THE DATA section start

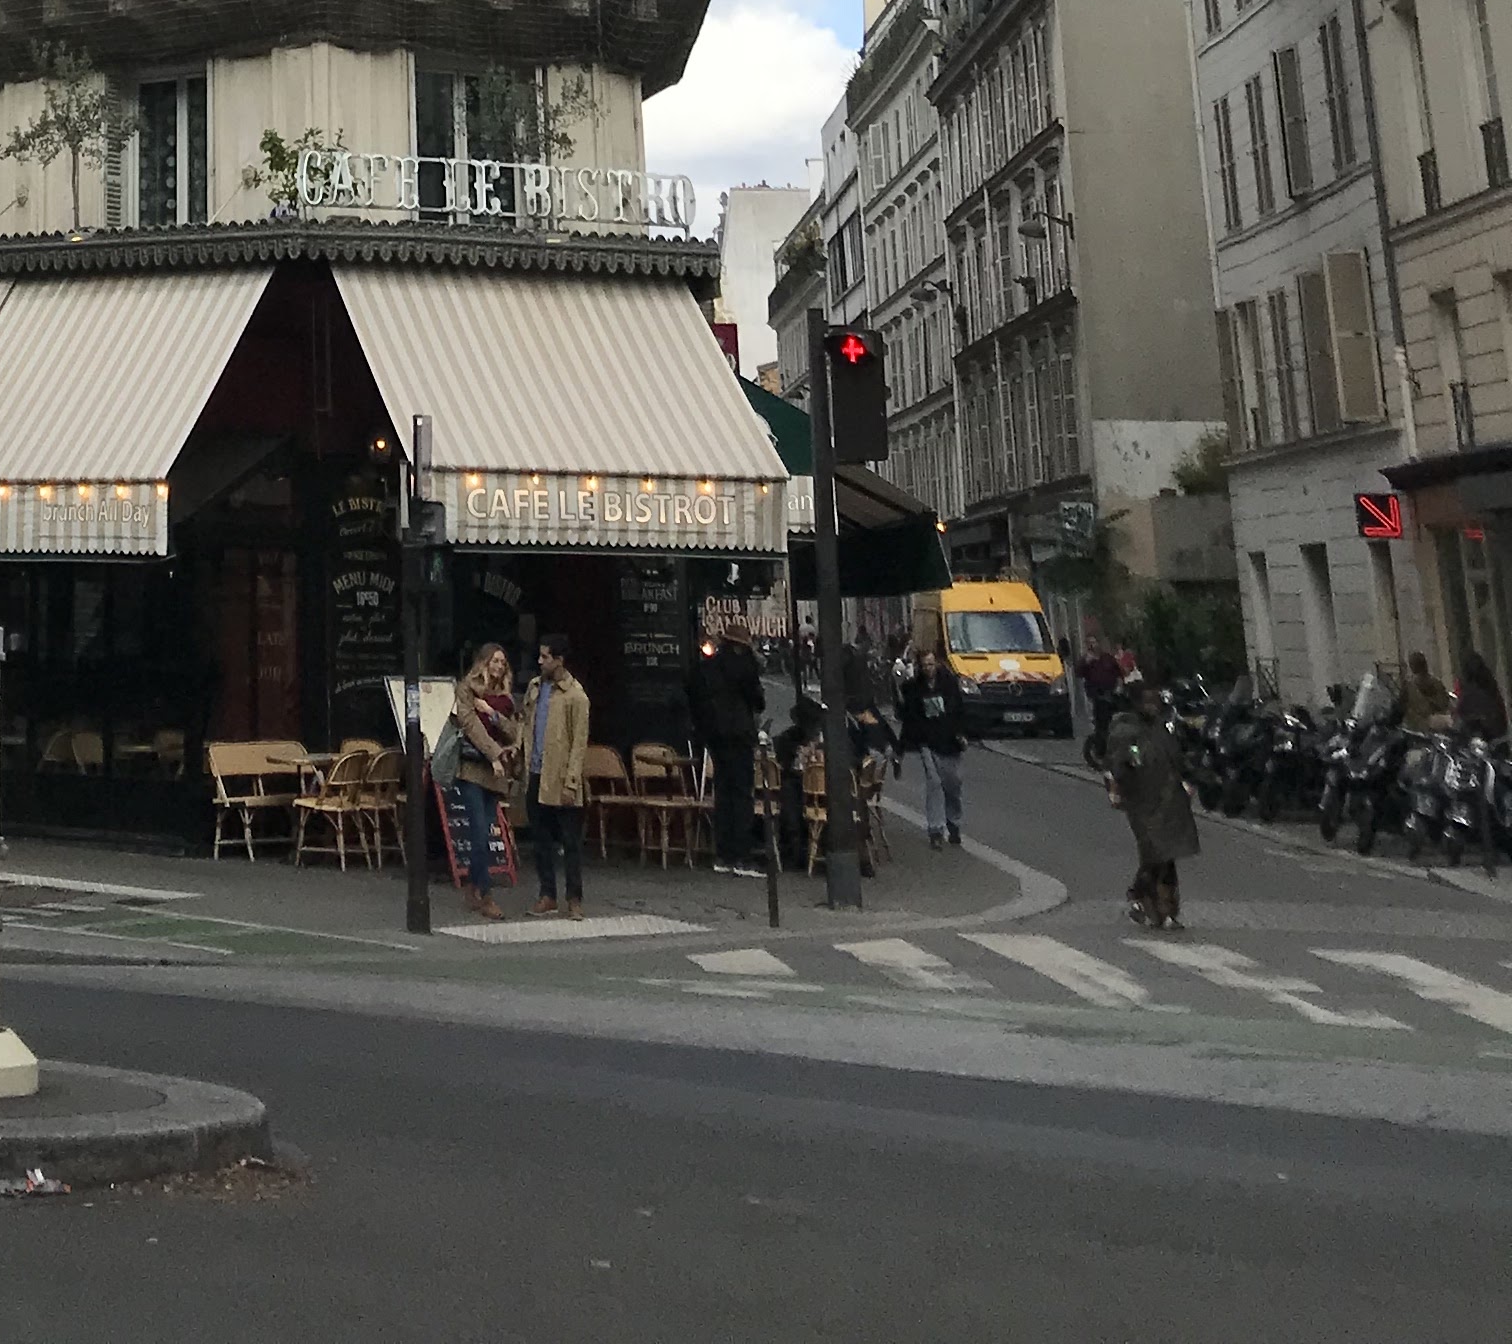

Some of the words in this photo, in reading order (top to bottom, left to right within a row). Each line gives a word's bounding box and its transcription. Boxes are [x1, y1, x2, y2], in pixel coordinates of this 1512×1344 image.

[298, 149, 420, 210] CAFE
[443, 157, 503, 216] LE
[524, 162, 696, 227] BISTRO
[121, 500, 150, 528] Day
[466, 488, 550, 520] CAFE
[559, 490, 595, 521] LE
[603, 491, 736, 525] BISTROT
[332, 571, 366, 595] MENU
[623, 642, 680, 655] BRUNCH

THE DATA section end

PROBLEM TO SOLVE »
Extract the text of all the records above verbatim, excluding pictures.

PROBLEM SOLUTION »
Some of the words in this photo, in reading order (top to bottom, left to right within a row). Each line gives a word's bounding box and its transcription. Boxes are [x1, y1, x2, y2], in pixel coordinates of this 1512×1344 image.

[298, 149, 420, 210] CAFE
[443, 157, 503, 216] LE
[524, 162, 696, 227] BISTRO
[121, 500, 150, 528] Day
[466, 488, 550, 520] CAFE
[559, 490, 595, 521] LE
[603, 491, 736, 525] BISTROT
[332, 571, 366, 595] MENU
[623, 642, 680, 655] BRUNCH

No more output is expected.